Fred Tomczyk, a 20-year veteran of the financial services industry, has his finger on the pulse of investor sentiment: “ … the preference for cash that we’re seeing among new investors suggests a stronger risk aversion coming out of this downturn than we have seen in the past.” USA Today, November 1, 2010.
BROKERS like Tomczyk are well aware of the relevance of investor moods. When the market is surging investors will flock to it, expecting ever more unrealistic gains and allocating their portfolios accordingly. When the inevitable downturn follows, investors will turn increasingly pessimistic yet surprisingly hold on to their risky portfolios to avoid capitalising losses. When they finally reallocate their portfolios to low-risk cash investments, they subsequently refuse to respond to a market turnaround. Smart money should be able to exploit those biases by selling (buying) over (or under)valued risky assets. Yet, even smart money seems unable to go against the grain, as moods are often persistent and the eventual turnaround is always hard to predict. These two phenomena are known as cognitive biases and limits to arbitrage, which underpin the new discipline of behavioural finance.
Investors’ cognitive biases – such as over-confidence in their ability to forecast; using rules of thumb in investment allocation; using historical “anchors” as benchmarks; or alternatively, an excessive reliance on recent past performance – are well documented. Finance academics and commentators use these psychological traits to “explain” irrational anomalies such as herd behavior or speculative bubbles and crashes.
Unfortunately, it has not been straightforward to incorporate these irrational investor traits in standard rational-agent finance models to assist portfolio allocation, option pricing or the identification of arbitrage opportunities. After all, the typical investor’s behaviour is most likely a potpourri of psychological traits. Some combinations of cognitive biases reinforce a particular valuation error, other combinations are contradictory and may even lead to a valuation that is perfectly indistinguishable from the rational investor solution.
Furthermore, it is not at all clear whether or when a particular cognitive bias dominates among a heterogeneous and diverse set of investors, ranging from “mum and dad” investors to sophisticated institutional investors. It has been suggested that cognitive errors are more commonly made by less sophisticated retail investors, and are reflected in more obvious mispricing of small, relatively unknown and financially distressed stocks. Unfortunately, these are also the very stocks that are hardest to value accurately because of a lack of liquidity, highly speculative forecast earnings, and general lack of fundamental information. Attributing perceived mispricing to investor irrationality is therefore hardly robust science.
The behavioural finance literature, initiated by Nobel laureate Daniel Kahneman and Amos Tversky, proposes stylistic models that capture psychological behavioral traits. Based on plausible behavioural parameter values, these models can predict under-diversified portfolio allocations and various price distortions. These irrational financial outcomes are then compared and matched to real world portfolio allocations and mispricing by changing the behavioral parameters. This is a rather indirect and imprecise inference of behavioral biases.
Unfortunately, cognitive biases are not readily observed directly from investor behaviour. Investor surveys and carefully designed experiments have been used to “measure” behavioural parameters for risk aversion and various risk premia. While these techniques have merits to determine ballpark values, they are not particularly insightful if these values are in fact time-varying (reflecting investor mood swings). Surveys and experiments also seem to elicit behaviours from participants that are distinctly different from how they behave under real-life circumstances.
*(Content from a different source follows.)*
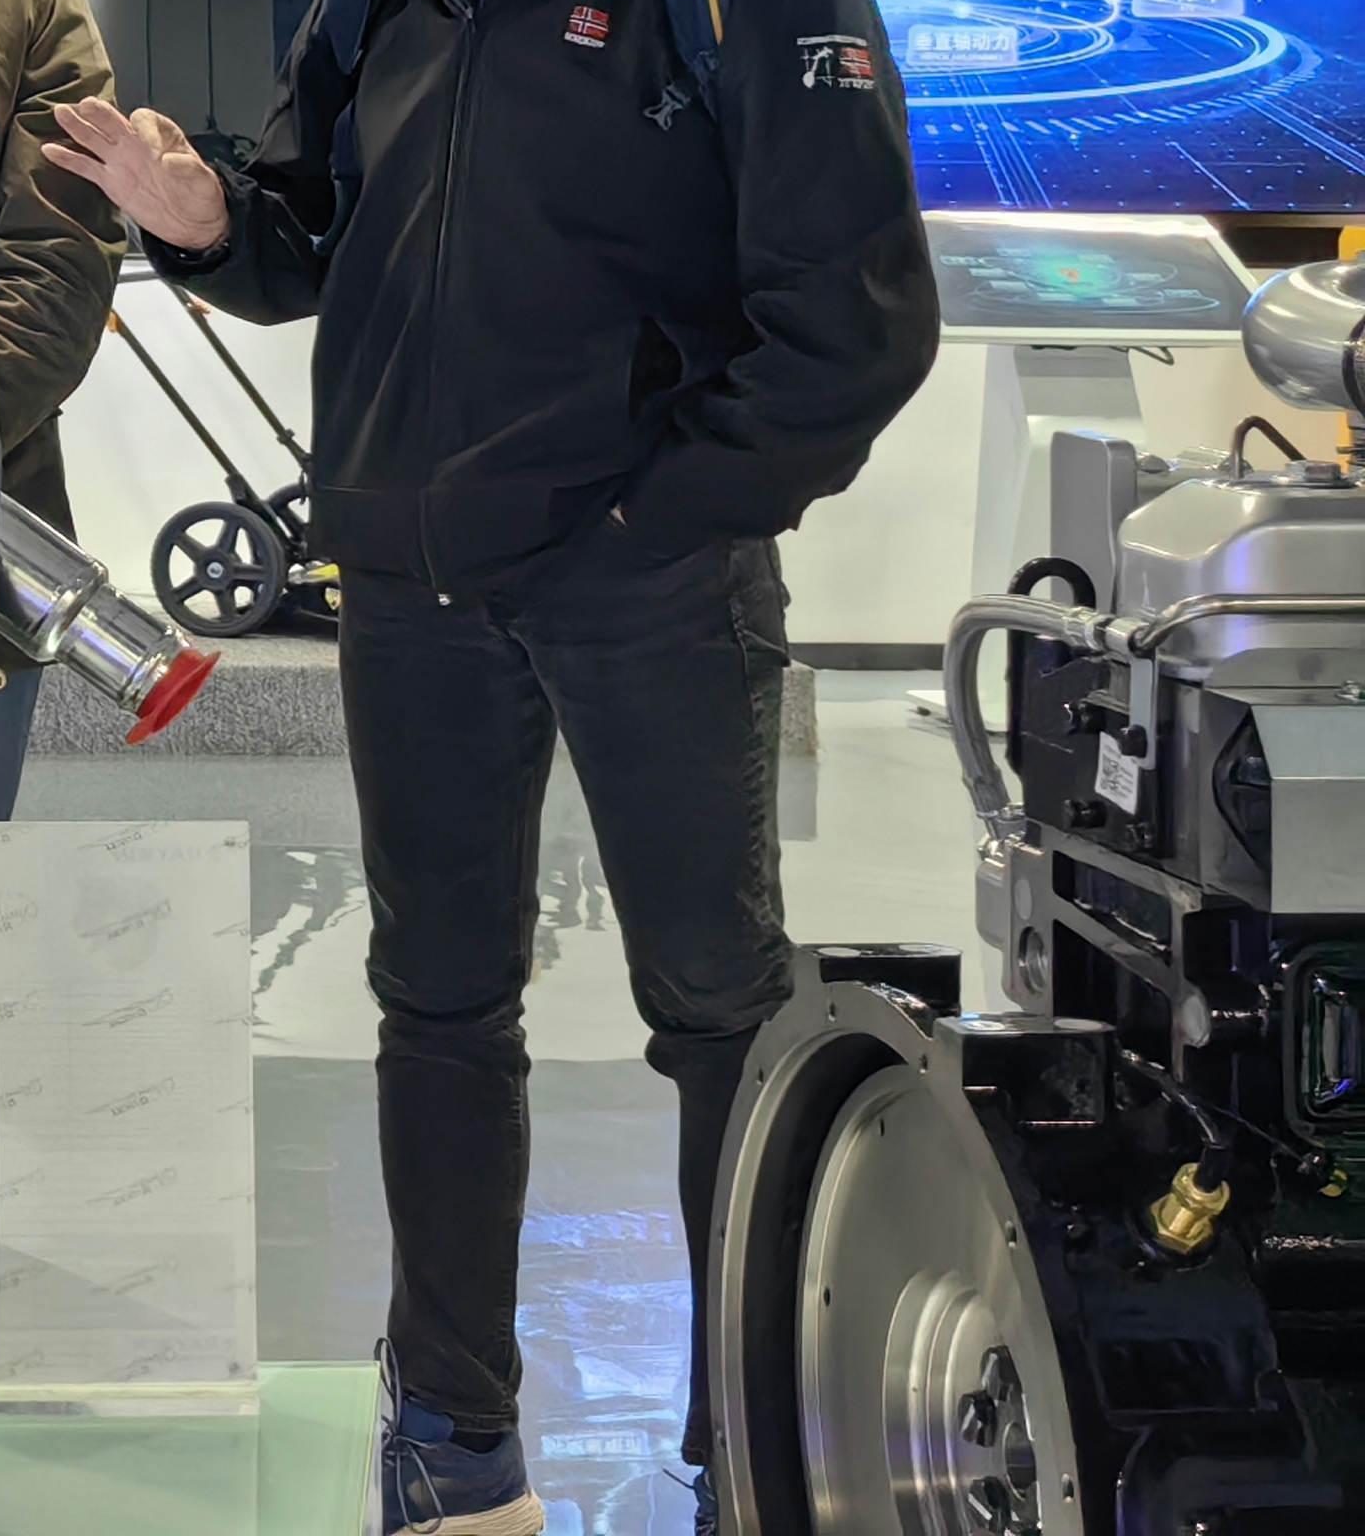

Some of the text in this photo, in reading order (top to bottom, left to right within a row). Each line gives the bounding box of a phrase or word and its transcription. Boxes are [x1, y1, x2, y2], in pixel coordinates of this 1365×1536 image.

[915, 30, 1010, 52] 垂直轴动力
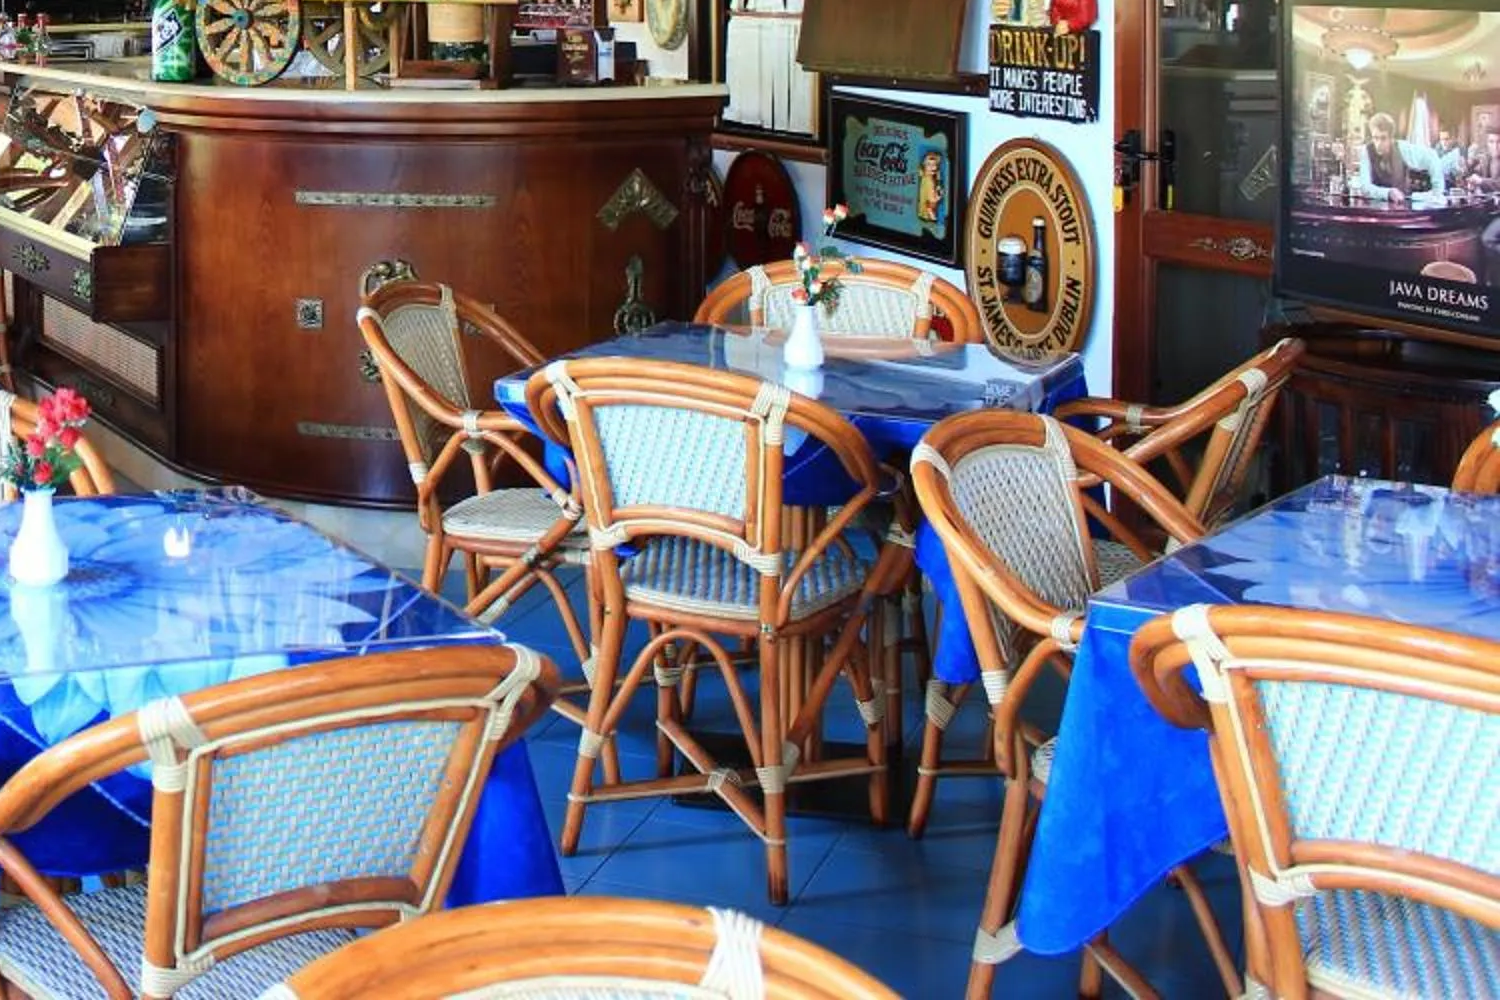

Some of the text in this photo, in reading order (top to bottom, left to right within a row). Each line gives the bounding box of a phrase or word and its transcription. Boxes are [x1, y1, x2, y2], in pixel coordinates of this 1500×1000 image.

Hence, we have arrived at a crossroads. We all know that financial market participants are not always rational in their decision-making, yet our standard toolkit (equity and fixed-income pricing and allocation models, risk management models, derivatives pricing models) is not easily accommodated to account for this. The popular use of sentiment indices as an aggregate representation of investor mood in those models might seem attractive, but fails to provide a better understanding of the underlying dynamics in investor behavior.
A way forward is provided by the ready availability of traded option prices for pretty much every financial asset. Option prices for various strikes reflect the option trader’s assessment of a range of possible underlying asset values at expiration of the option. By comparing the option-implied (subjective) probabilities with observed (objective) probabilities of underlying asset values, we get instant insight in and quantification of the investors’ cognitive biases.
Recent derivatives research indicates that loss aversion (as opposed to traditional risk aversion, where gains and losses are considered symmetrically) and Kahneman and Tversky’s prospect theory (where unlikely outcomes are attributed unrealistically high likelihoods) are driving the well-known volatility smile in option prices, which occurs in a derivatives market where option prices reflect investors attaching too high probability to increasingly unlikely future returns.
More importantly, the intertemporal dynamics of option-implied cognitive biases will help forecast the extent and persistence of irrational behaviours. An ability to forecast investor behaviour could help overcome the limits to arbitrage and thus avoid costly bubbles and crashes.